- Standard cover art

Single by Captain Hollywood Project

from the album Love Is Not Sex
- Released: 29 July 1992
- Genre: Eurodance; electro pop; R&B;
- Length: 4:11
- Label: Blow Up; Dino Music;
- Songwriters: Oliver Reinecke; Giora Schein; Nosie Katzmann; Tony Dawson-Harrison;
- Producers: Cyborg; DMP;

Captain Hollywood Project singles chronology
|  | "More and More" (1992) | "Only with You" (1993) |

Music video
- "More and More" on YouTube

= More and More (Captain Hollywood Project song) =

1992 single by Captain Hollywood Project

"More and More" is a song by German Eurodance music project Captain Hollywood Project. It was released in July 1992 by the record labels Blow Up and Dino Music as the first single from their first album, Love Is Not Sex (1993). The female singer on the song is German singer Nina Gerhard. It reached No. 1 in Germany and was a top-five hit in Austria, Belgium, Denmark, Israel, Italy, Norway, Sweden and Switzerland. "More and More" also found success in Australia and North America, peaking at No. 15 in Canada, No. 17 in the United States, and No. 43 in Australia. Overall, the single has sold over seven million units worldwide. Two different music videos were produced to promote the single; one was directed by Bruce Ashley.

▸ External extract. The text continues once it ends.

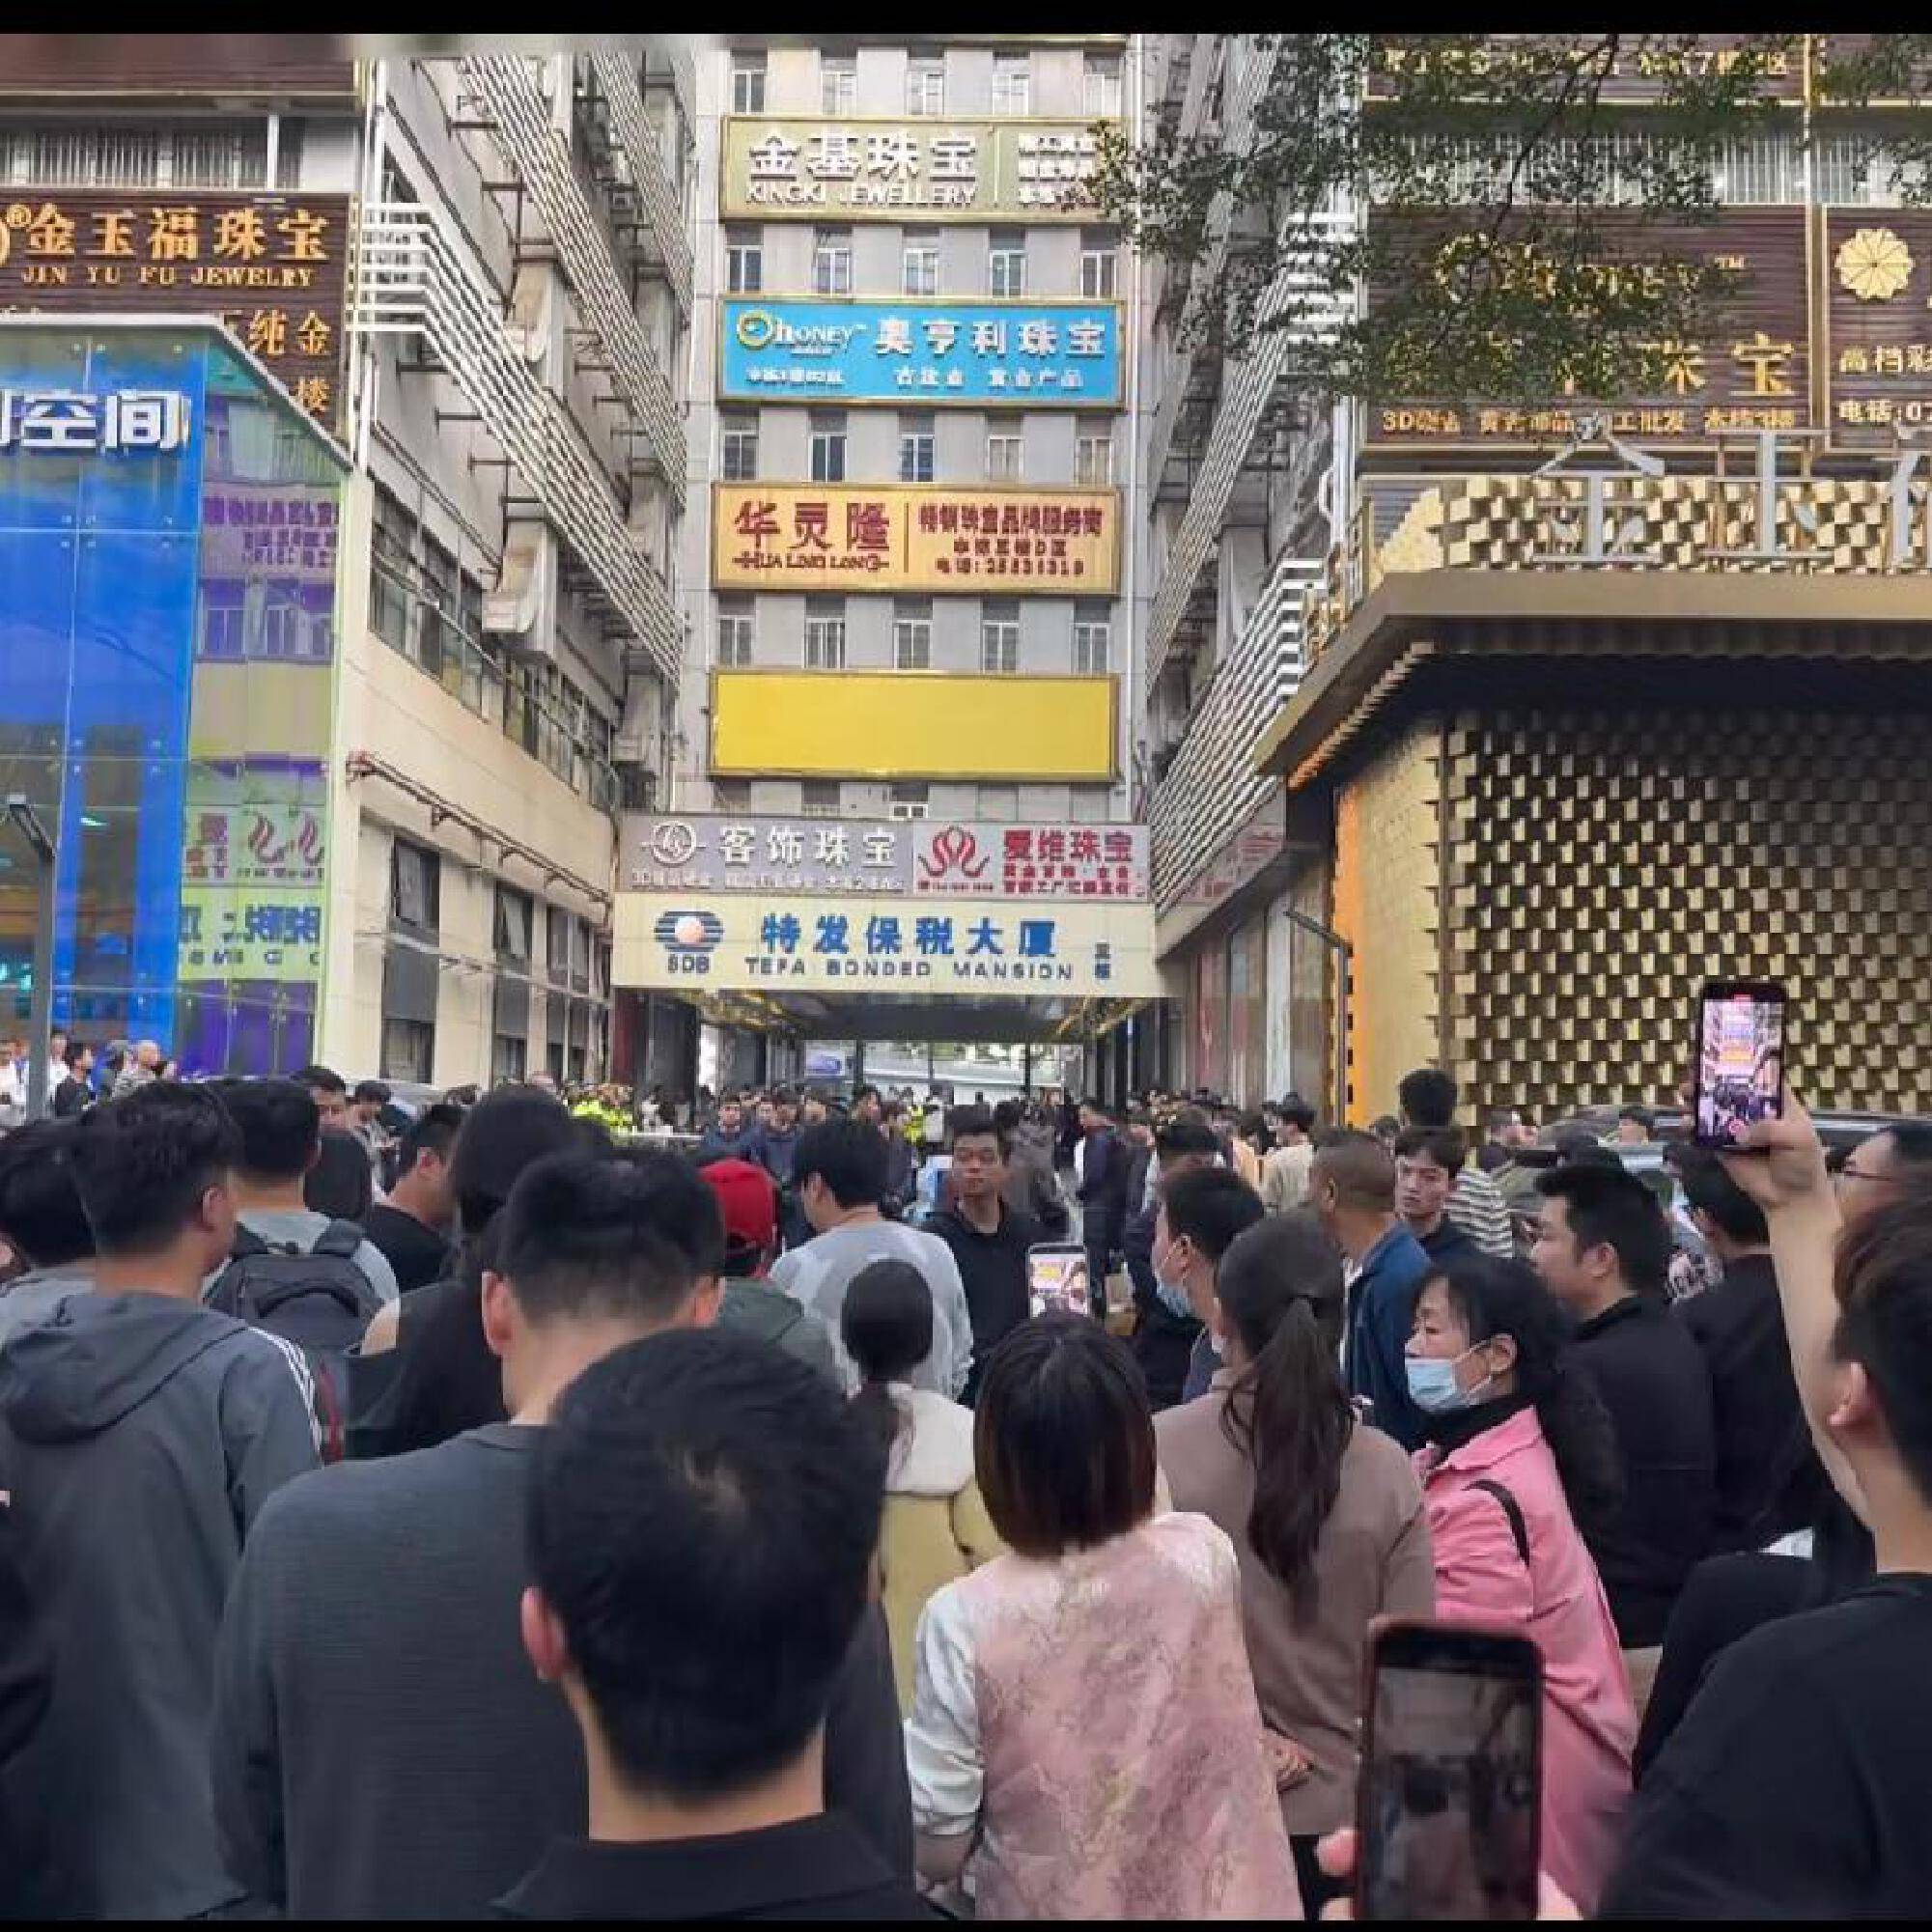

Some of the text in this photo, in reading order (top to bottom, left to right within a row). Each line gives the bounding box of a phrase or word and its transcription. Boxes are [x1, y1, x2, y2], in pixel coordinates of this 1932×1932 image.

==Production and influence==
The music for "More and More" was written by Nosie Katzmann, Giora Schein, Manfred Setzer and Oliver Reinecke. Lyrics were written by front man/rapper Tony Dawson-Harrison (Captain Hollywood) and Nosie Katzmann. As executive producer of the single, Harrison worked with the collaborating production teams known as DMP (including Katzmann) and Cyborg (Marc Kamradt and Frank Schlingloff). Harrison chose singer Nina Gerhard to provide the chorus vocals for the track. His voice was electronically modified to sound deeper and this would also later inspire the producers of M.C. Sar & The Real McCoy.

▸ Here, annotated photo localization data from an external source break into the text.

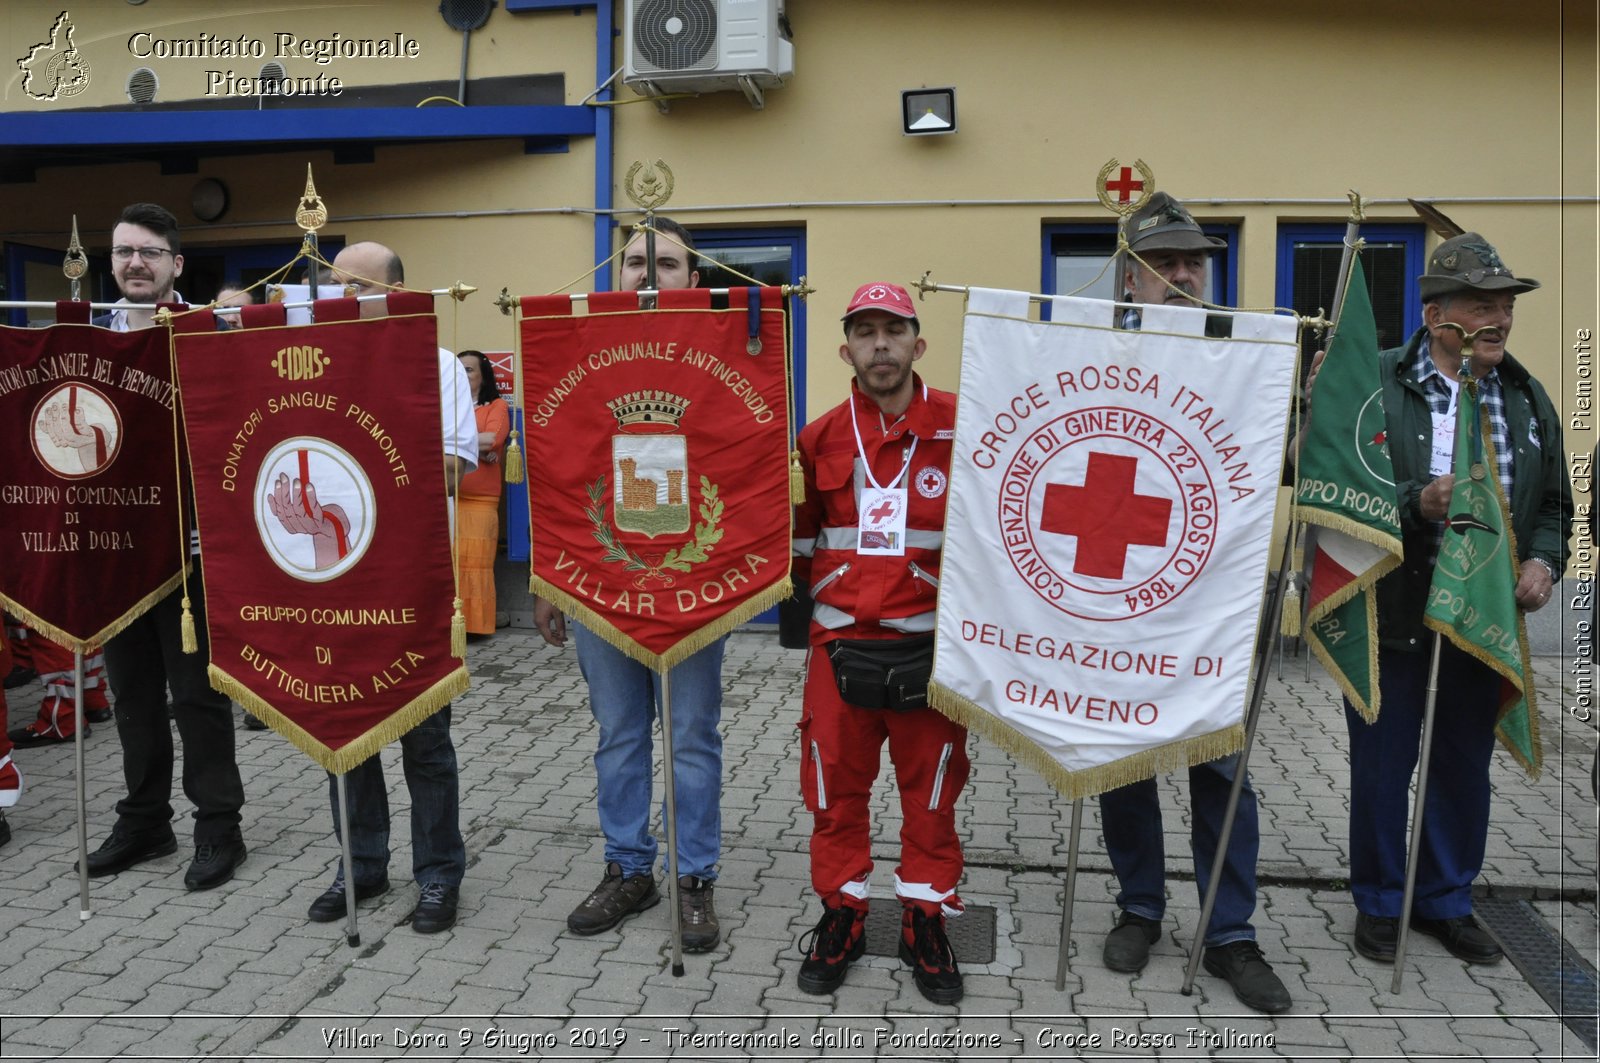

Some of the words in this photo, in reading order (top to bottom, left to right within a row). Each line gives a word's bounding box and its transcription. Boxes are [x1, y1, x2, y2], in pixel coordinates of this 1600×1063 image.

[26, 369, 39, 385] DI
[39, 353, 89, 382] SANGUE
[92, 357, 115, 386] DEL
[118, 366, 180, 410] PIEMONTE
[532, 366, 587, 428] SQUADRA
[588, 342, 678, 371] COMUNALE
[681, 347, 775, 424] ANTINCENDIO
[222, 408, 263, 492] DONATORI
[268, 392, 339, 414] SANGUE
[345, 404, 410, 488] PIEMONTE
[972, 383, 1050, 471] CROCE
[1056, 365, 1161, 399] ROSSA
[1170, 386, 1256, 503] ITALIANA
[1033, 428, 1061, 454] DI
[1064, 411, 1166, 449] GINEVRA
[1167, 445, 1198, 474] 22
[2, 485, 60, 504] GRUPPO
[65, 485, 161, 505] COMUNALE
[65, 512, 80, 525] DI
[21, 532, 79, 552] VILLAR
[89, 530, 134, 550] DORA
[1003, 451, 1065, 600] CONVENZIONE
[1173, 480, 1213, 577] AGOSTO
[555, 550, 655, 616] VILLAR
[675, 553, 769, 613] DORA
[1125, 577, 1176, 613] 1864
[240, 606, 307, 624] GRUPPO
[311, 608, 417, 626] COMUNALE
[315, 646, 332, 665] DI
[962, 620, 1179, 677] DELEGAZIONE
[1194, 656, 1223, 677] DI
[240, 644, 364, 703] BUTTIGLIERA
[372, 650, 425, 693] ALTA
[1005, 679, 1159, 726] GIAVENO

American entertainment company BuzzFeed ranked "More and More" at No. 81 in their "The 101 Greatest Dance Songs of the '90s" list in 2017.

==Critical reception==
Larry Flick from Billboard magazine described the song as "a seductive pop/house affair that only lightly nicks the surface of the Captain's obvious talent for combining complex groove patterns with simple, brain-embedding hooks and melodies." He added, "The beats are rugged, and are topped by a breezy, radio-minded R&B melody. The give-and-take between sultry female vocals and deepthroated male rapping is appropriately seductive." Dave Sholin from the Gavin Report commented, "Germany, not Hollywood, is home to The Captain, who has already racked up enough chart activity to become this week's Record To Watch. Many are comparing this production to Snap's 'Rhythm Is a Dancer' with its Euro-dance feel. One very hot entry!"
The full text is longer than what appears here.